### Try it
After locating the line that contains "this 1920×1080 image." in the following entries, reproduce it and each later line exactly, including the last.

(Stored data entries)

"""

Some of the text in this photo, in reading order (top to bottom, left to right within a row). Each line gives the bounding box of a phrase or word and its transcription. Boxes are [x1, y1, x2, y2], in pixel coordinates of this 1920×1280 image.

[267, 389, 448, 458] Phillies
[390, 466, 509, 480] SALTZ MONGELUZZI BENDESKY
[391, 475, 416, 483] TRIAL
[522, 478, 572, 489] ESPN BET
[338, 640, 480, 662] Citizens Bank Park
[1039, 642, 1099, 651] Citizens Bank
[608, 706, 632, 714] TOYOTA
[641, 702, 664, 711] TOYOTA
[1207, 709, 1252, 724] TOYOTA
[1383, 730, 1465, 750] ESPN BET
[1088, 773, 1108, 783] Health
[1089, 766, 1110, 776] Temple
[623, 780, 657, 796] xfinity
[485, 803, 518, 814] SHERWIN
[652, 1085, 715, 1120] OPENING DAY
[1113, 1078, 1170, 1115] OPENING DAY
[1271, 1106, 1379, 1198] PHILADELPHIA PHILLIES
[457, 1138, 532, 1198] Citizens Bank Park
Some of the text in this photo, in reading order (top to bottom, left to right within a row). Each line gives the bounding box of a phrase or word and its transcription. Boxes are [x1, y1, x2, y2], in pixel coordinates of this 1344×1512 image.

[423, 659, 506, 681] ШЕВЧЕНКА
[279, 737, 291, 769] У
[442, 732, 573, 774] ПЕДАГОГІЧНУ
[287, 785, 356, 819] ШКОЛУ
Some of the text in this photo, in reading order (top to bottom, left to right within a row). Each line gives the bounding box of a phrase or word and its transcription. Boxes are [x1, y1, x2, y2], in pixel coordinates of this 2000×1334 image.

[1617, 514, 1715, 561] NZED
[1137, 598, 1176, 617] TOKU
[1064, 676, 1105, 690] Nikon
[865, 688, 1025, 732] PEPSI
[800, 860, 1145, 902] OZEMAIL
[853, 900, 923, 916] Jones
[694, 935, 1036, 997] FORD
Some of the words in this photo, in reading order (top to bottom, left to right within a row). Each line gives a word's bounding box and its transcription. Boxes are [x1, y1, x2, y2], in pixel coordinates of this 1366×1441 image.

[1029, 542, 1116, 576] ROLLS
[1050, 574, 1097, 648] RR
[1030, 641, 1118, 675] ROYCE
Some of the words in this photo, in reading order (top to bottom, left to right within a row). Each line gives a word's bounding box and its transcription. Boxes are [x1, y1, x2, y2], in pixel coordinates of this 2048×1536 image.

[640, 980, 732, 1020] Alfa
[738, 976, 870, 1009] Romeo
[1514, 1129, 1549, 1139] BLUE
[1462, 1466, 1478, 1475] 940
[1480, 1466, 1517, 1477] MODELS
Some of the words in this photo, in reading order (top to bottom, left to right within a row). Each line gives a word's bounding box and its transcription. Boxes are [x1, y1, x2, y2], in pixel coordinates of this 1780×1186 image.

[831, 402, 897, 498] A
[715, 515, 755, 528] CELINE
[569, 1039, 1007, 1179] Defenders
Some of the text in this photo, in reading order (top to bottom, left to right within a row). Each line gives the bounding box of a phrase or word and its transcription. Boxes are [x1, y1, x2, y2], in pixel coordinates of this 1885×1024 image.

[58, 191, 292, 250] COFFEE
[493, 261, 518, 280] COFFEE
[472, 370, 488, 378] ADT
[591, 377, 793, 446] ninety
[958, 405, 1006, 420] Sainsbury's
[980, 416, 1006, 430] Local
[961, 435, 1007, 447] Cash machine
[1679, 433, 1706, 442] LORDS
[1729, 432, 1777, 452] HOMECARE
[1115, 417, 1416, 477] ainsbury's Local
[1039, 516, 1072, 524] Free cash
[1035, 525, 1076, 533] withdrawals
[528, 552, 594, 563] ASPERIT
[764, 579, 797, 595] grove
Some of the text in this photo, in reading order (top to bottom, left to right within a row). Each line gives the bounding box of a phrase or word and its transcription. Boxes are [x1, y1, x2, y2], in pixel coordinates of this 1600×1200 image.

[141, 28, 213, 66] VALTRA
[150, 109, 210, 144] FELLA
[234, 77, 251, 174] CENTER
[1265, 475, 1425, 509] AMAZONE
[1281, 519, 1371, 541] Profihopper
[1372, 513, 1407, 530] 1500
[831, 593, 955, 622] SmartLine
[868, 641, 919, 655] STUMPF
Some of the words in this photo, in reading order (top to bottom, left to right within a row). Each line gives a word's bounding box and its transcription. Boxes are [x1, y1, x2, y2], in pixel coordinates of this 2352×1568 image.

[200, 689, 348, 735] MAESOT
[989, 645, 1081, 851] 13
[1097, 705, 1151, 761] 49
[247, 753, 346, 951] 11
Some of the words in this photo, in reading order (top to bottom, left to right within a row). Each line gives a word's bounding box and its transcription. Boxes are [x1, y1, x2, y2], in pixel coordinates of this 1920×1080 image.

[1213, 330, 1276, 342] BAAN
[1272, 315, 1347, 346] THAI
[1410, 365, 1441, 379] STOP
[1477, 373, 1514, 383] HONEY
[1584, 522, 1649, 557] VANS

"""

### Finished task
Some of the words in this photo, in reading order (top to bottom, left to right within a row). Each line gives a word's bounding box and its transcription. Boxes are [x1, y1, x2, y2], in pixel coordinates of this 1920×1080 image.

[1213, 330, 1276, 342] BAAN
[1272, 315, 1347, 346] THAI
[1410, 365, 1441, 379] STOP
[1477, 373, 1514, 383] HONEY
[1584, 522, 1649, 557] VANS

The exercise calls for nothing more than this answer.